Savannah Guthrie: I Wasn't 'Calling Out' James Franco for Excessive Selfie Use

The 'Today' anchor responds to Franco's statement that he once was called out on the morning show for his selfies, insisting, 'I was just observing that he posted a lot of selfies.'
Having frequently posted his self-taken photos on Instagram, James Franco has explained his selfie obsession in an article for The New York Times and mentioned "Today" show in the process. "I was called out on the TODAY show, and have even been called the selfie king," he claimed.

Savannah Guthrie, who interviewed Franco on the show in October about his selfie addiction, later responded to the actor's statement. Clearing thing up that she wasn't calling out the "Homefront" star, the NBC News journalist said on Friday, December 27, "I was just observing that he posted a lot of selfies, which I thought was interesting. He's the best, a good author as well. The rest I'll just express in a selfie." She indeed took a picture of herself though it hasn't been posted yet.

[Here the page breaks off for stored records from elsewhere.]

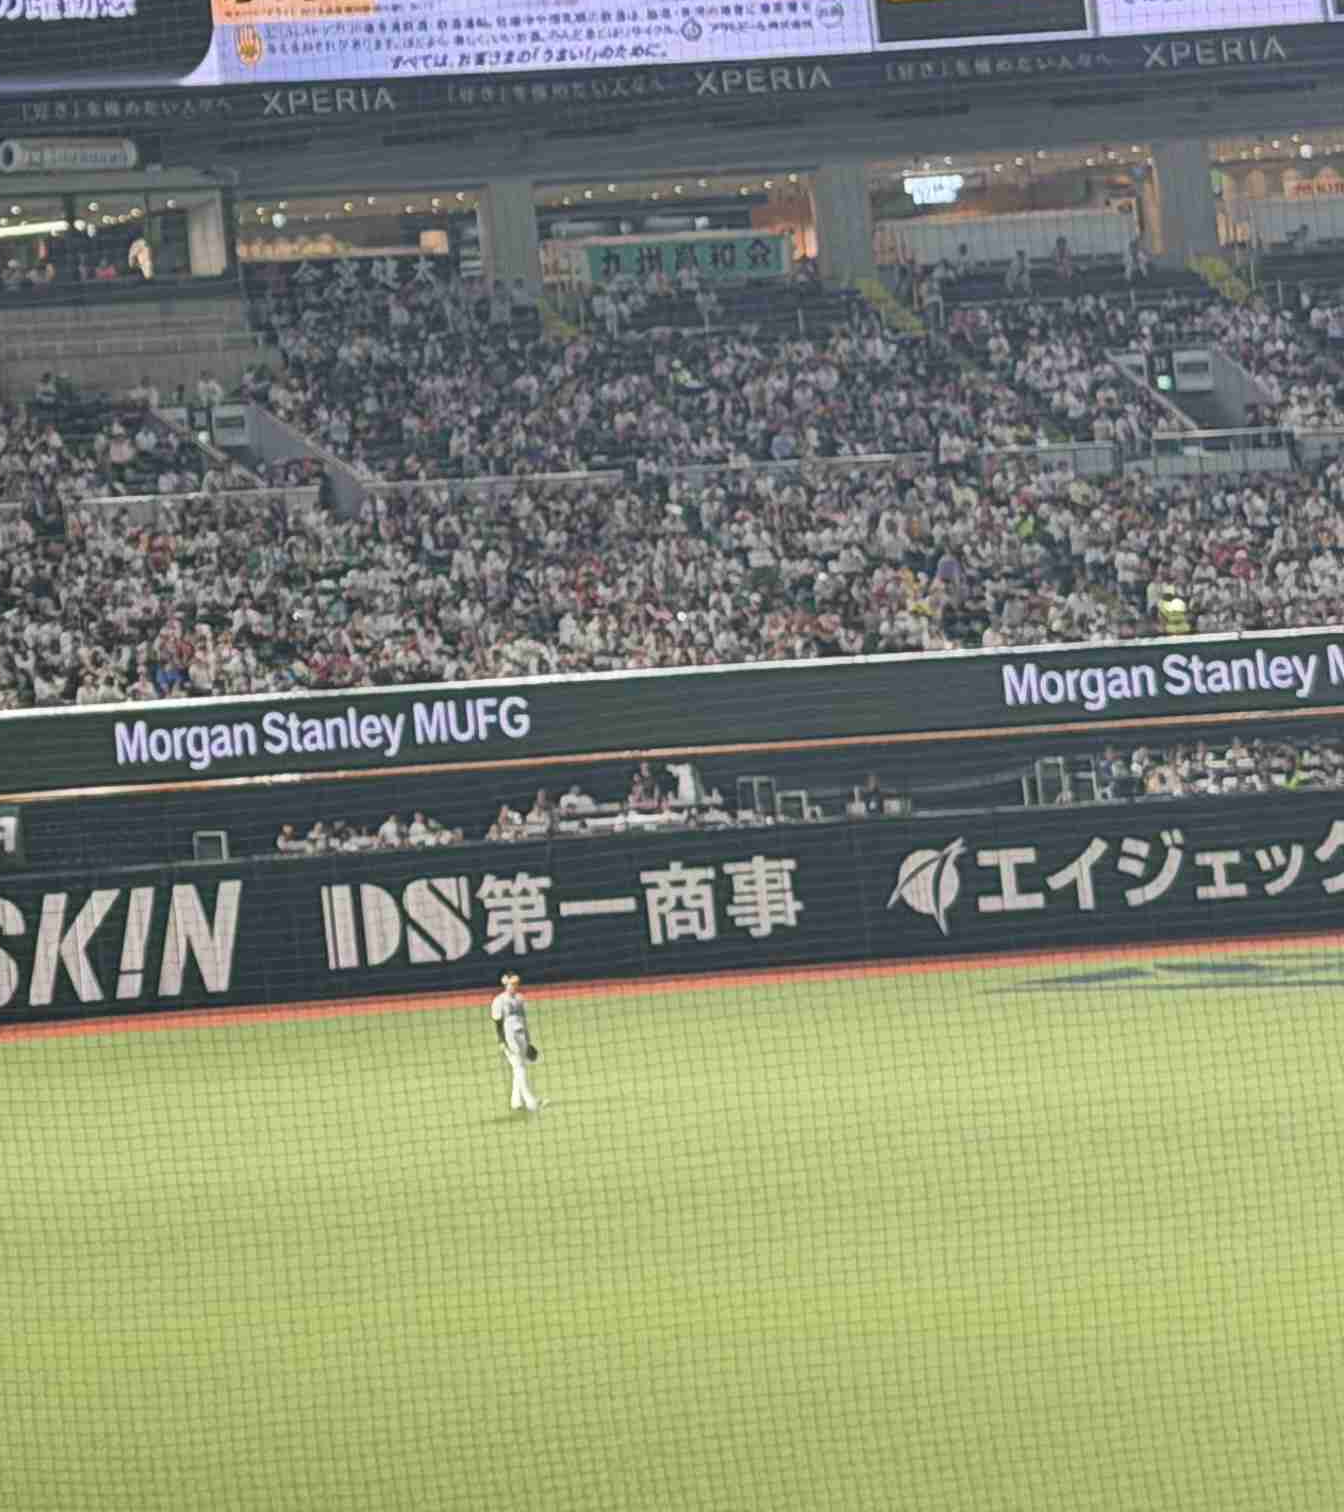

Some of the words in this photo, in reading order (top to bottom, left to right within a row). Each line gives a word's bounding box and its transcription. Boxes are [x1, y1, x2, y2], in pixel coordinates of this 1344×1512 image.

[1142, 34, 1288, 69] XPERIA
[261, 86, 397, 117] XPERIA
[693, 64, 832, 97] XPERIA
[1002, 663, 1155, 711] Morgan
[1161, 648, 1318, 698] Stanley
[114, 719, 257, 771] Morgan
[262, 707, 405, 757] Stanley
[413, 695, 532, 746] MUFG
[475, 854, 804, 957] 第一商事

In a column on NY Times dated December 26, Franco admitted, "Selfies are something new to me, but as I have become increasingly addicted to Instagram, I have been accused of posting too many of them." He explained that selfie was a way for anyone to get attention.

"A well-stocked collection of selfies seems to get attention. And attention seems to be the name of the game when it comes to social networking," he elaborated. "In this age of too much information at a click of a button, the power to attract viewers amid the sea of things to read and watch is power indeed. It's what the movie studios want for their products, it's what professional writers want for their work, it's what newspapers want - hell, it's what everyone wants: attention. Attention is power."

"It has value regardless of the photo's quality, because it is ostensibly an intimate shot of someone whom the public is curious about. It is the prize shot that the paparazzi would kill for, because they would make good money; it is the shot that the magazines and blogs want, because it will get the readers close to the subject."

Sharing some advice, the Oscar-nominated actor added, "You're safe if you trade 'one for them' with 'one for yourself,' meaning for every photo of a book, painting or poem, I try to post a selfie with a puppy, a topless selfie or a selfie with Seth Rogen, because there are all things that are generally liked."

Previously when asked by Guthrie why he had posted so many selfies, the Harry Osborn of Sam Raimi's "Spider-Man" movies said, "I don't want to post those things. I just look at the number of 'likes.' Like, if I put out a book or something that I like, I get this number and if I just put a stupid selfie it's like ten times (that)."